Zihao Wang, Victor Veitch

TL;DR
This paper critically examines whether editing internal components of large language models truly provides evidence for localization of semantic behaviors, revealing that such edits often do not confirm meaningful localization.
Contribution
The paper introduces a new method for finding optimal localized edits in LLMs and demonstrates that these edits do not reliably indicate true localization of behaviors.
Findings
Optimal edits at random locations are as effective as those at aligned locations.
Localized edits often do not provide strong evidence for true localization.
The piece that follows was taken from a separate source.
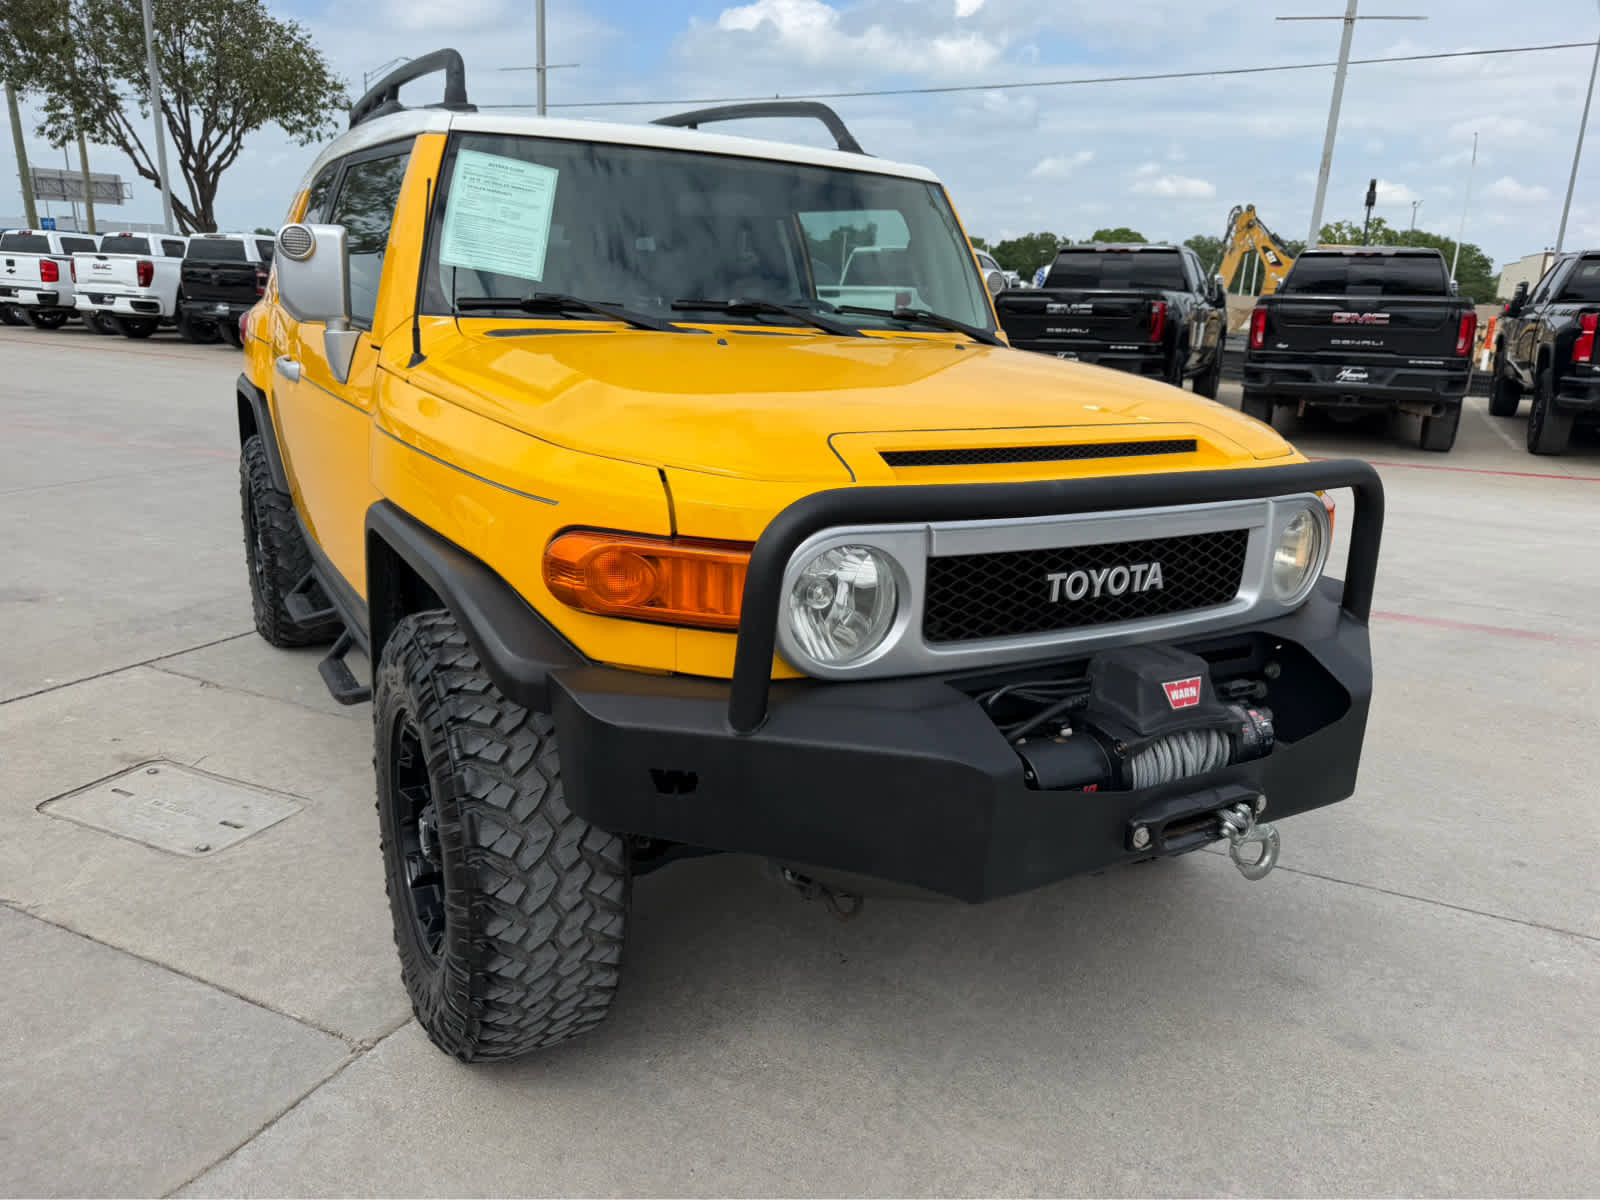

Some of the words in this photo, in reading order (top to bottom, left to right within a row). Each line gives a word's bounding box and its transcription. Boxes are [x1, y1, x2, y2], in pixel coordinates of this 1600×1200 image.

Evidence from edits alone is insufficient to confirm semantic localization.
Abstract
A basic aspiration for interpretability research in large language models is to "localize" semantically meaningful behaviors to particular components within the LLM. There are various heuristics for finding candidate locations within the LLM. Once a candidate localization is found, it can be assessed by editing the internal representations at the corresponding localization and checking whether this induces model behavior that is consistent with the semantic interpretation of the localization. The question we address here is: how strong is the evidence provided by such edits? To evaluate the localization claim, we want to assess the effect of the optimal intervention at a particular location. The key new technical tool is a way of adapting LLM alignment techniques to find such optimal localized edits. With this tool in hand, we give an example where the edit-based evidence for…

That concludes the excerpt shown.